First of all, my rain lamp is very sensitive to being level. If my rain lamp is not very level, some strands will never drip, presumably because the oil level at the elevated end of the upper basin will then not reach the most elevated spouts. When my lamp was level, though, I timed the difference between the time-to-first-drips to the time-to-complete-drips as 6 minutes 15 seconds, and 5 minutes 15 seconds, in two different trials.

Which strands drip first, or isn't there a predictable pattern?
For a fixed position of a rain lamp on a stand, I've found that the first strand to drip is very predictable. In my current lamp placement, strand #11 (next to the drain post) always drips first. To a lesser extent, the subsequent strands to drip are also predictable. In my case the strand order for dripping is: 11, 9, 12, 10, 8, 7, 6, 14, etc. Unpredictably, however, sometimes adjacent strands begin dripping so close in time that it is nearly impossible to discern an order. I haven't yet experimented with rotating the lamp on the stand to see if the drip order can be changed.

How many droplets are on a strand at a time?
On my lamp, as far as I have been able to determine by photography so far (12-29-05), the number of droplets per strand varies from 17-26, with an average of about 21.7.

How long does it take for the droplets to slide to the bottom?
On my lamp, the average drip time is 7.45 seconds, though it ranges from 6.56 seconds to 8.42 seconds.
See the section below for more details.

What is the drip rate?
By calculation on average values, 21.7 droplets / 7.45 seconds = 2.91 droplets per second. This is nearly three droplets per second--pretty fast!

What is the absolute speed of the droplets?
I measured 13.75 inches for each strand length, so on the average, 13.75 inches / 7.45 seconds = 1.85 inches per second = (1.85 inches/second) x (60 seconds / 1 minute) x (1 feet / 12 inches) = 9.23 feet per minute.
Therefore on a 20-foot rain lamp like at Disneyland, it would take over 2 minutes for a droplet to reach the bottom, if all other values are the same.


Drip speed

One mesmerizing attribute of rain lamps is that all the droplets seem to be synchronized and dripping downward at the same speed. Longer and closer observation with the naked eye shows that this is not really the case, since some strands are dripping noticeably faster than others. Why do some strands drip faster? Is there a general cause, like the tilt of the lamp or the proximity to a post influencing the speeds in a certain region of spouts?
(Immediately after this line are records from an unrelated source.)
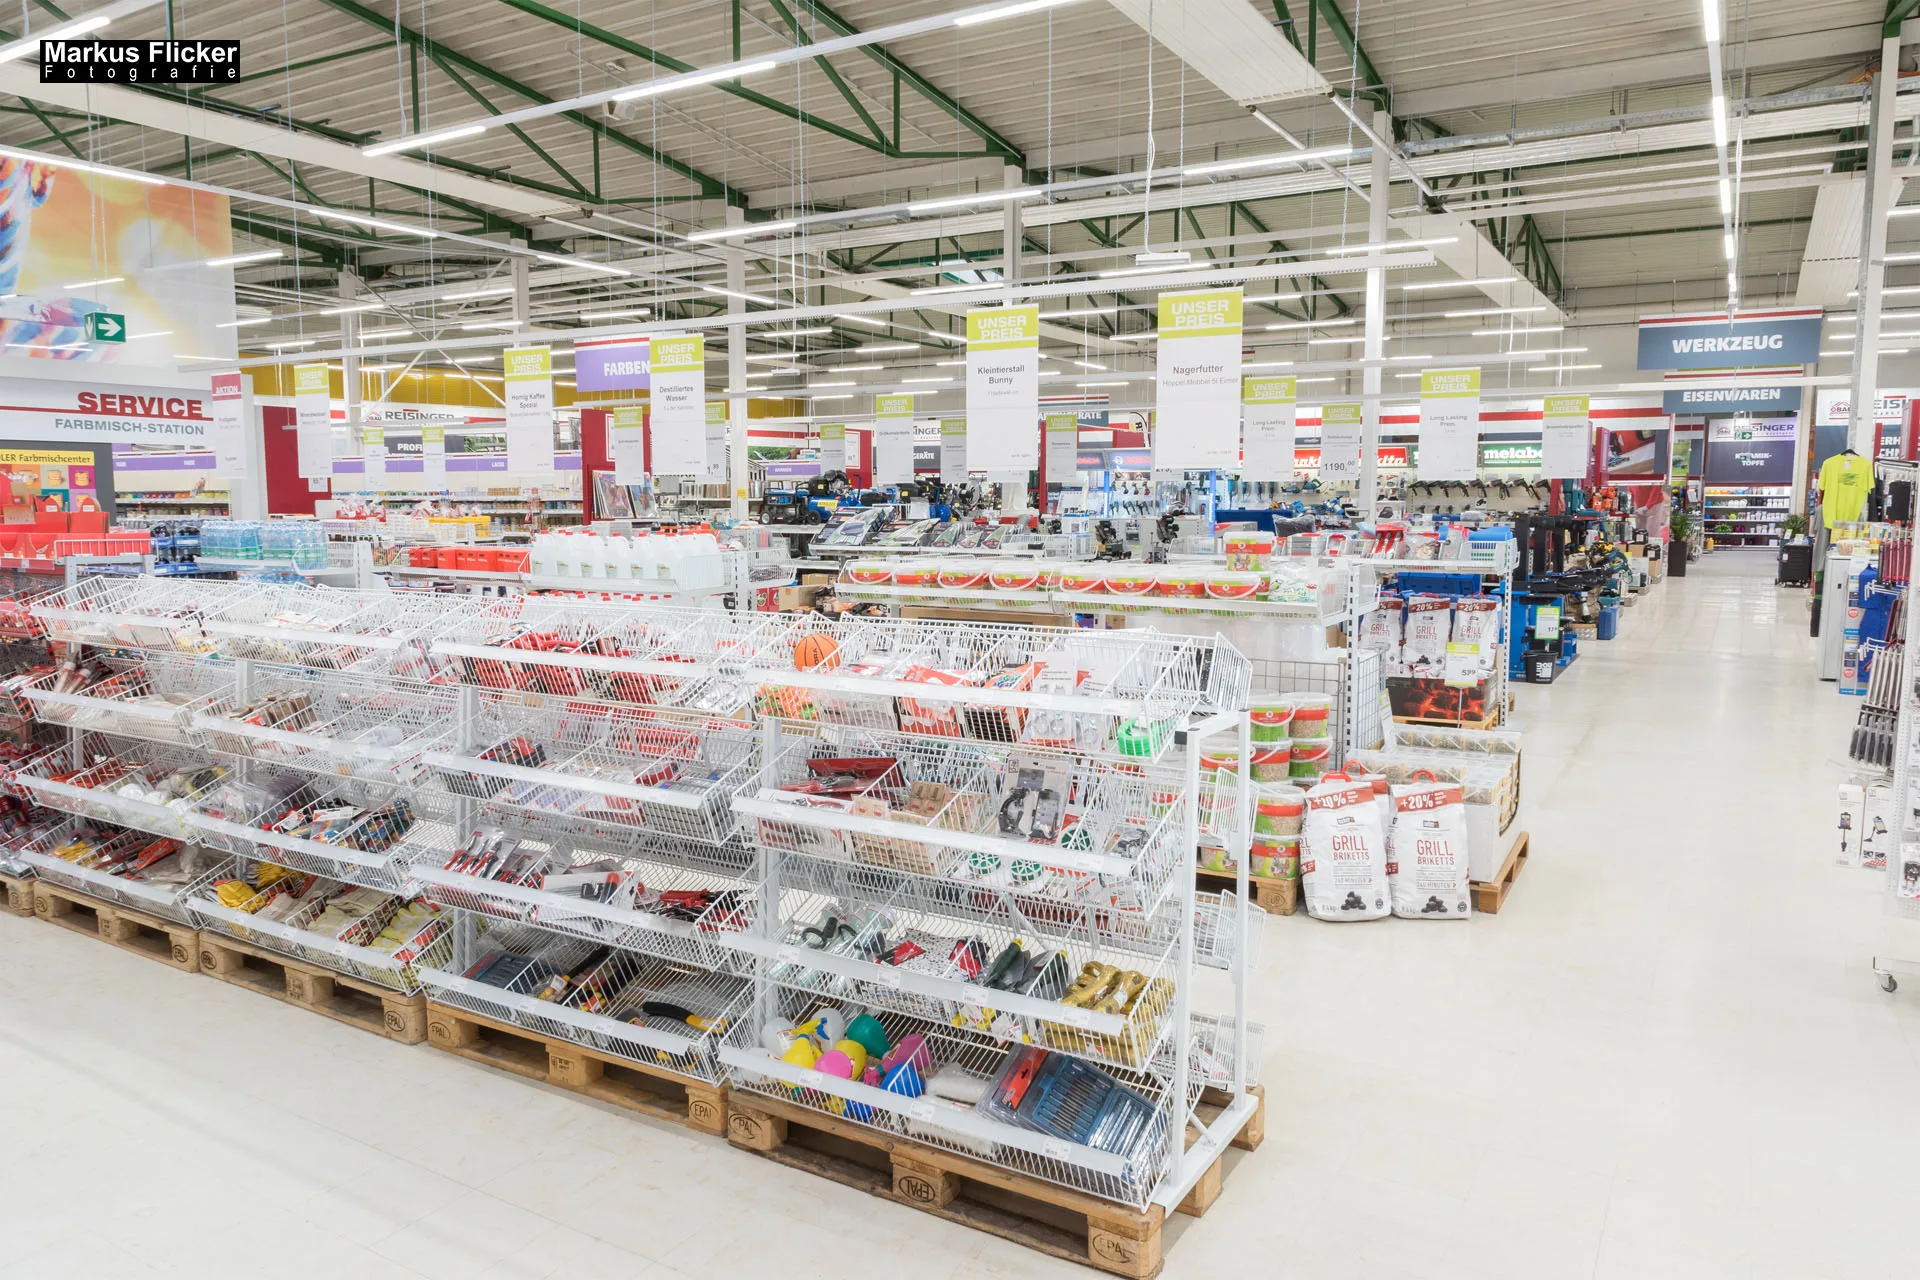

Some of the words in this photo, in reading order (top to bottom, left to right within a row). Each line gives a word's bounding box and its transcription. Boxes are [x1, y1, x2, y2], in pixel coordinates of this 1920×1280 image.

[1171, 299, 1229, 315] UNSER
[977, 314, 1027, 329] UNSER
[1175, 312, 1225, 328] PREIS
[980, 327, 1024, 341] PREIS
[657, 343, 695, 355] UNSER
[1672, 334, 1783, 354] WERKZEUG
[511, 354, 544, 364] UNSER
[660, 353, 692, 364] PREIS
[604, 361, 650, 376] FARBEN
[977, 365, 1025, 375] Kleintierstall
[1172, 364, 1224, 376] Nagerfutter
[988, 376, 1014, 386] Bunny
[1430, 374, 1471, 384] UNSER
[659, 386, 694, 394] Destilliertes
[1252, 382, 1288, 392] UNSER
[1432, 383, 1467, 392] PREIS
[665, 394, 688, 402] Wasser
[1254, 390, 1286, 399] PREIS
[1682, 387, 1781, 402] EISENWAREN
[77, 391, 203, 418] SERVICE
[54, 418, 205, 436] FARBMISCH-STATION
[18, 453, 91, 464] Farbmischcenter
[1416, 625, 1437, 635] GRILL
[1332, 835, 1368, 851] GRILL
[1416, 839, 1453, 856] GRILL
[1333, 851, 1370, 861] BRIKETTS
[1417, 856, 1455, 866] BRIKETTS
[906, 1178, 930, 1201] EPAL
Using a stopwatch, I measured at least three drip times per strand, averaged those values for each of the 32 strands, entered those 32 average times on an Excel spreadsheet, and plotted the results. I numbered the strands from 1-32, starting with spout #1 at the pumping post, and proceding clockwise when looking down at the lamp. This means the three posts are located roughly as follows:

The results are as follows.


The time it takes droplets on my rain lamp to drip the full 13.75 inches of strand length.

Some observations:

The same graph converted from time to speed looks like the following.


Summarized data:

If the tilt of the lamp were affecting drip speeds, then there would tend to be faster speeds at one portion of the lamp, which is apparently not the case. Likewise, if proximity to the pumping post or drain post were influencing the speeds, then the speeds would tend to be faster in one area, which is also apparently not the case. (There is a brief but debatable pattern of increasing speed just before the drain post, though.) Therefore the variations in speed are apparently just due to random influences on the spouts and strands.


Drip frequency

The number of droplets per strand, and the relationship between droplets per strand and the drip speeds are the subject of my current experiments that I haven't yet finished.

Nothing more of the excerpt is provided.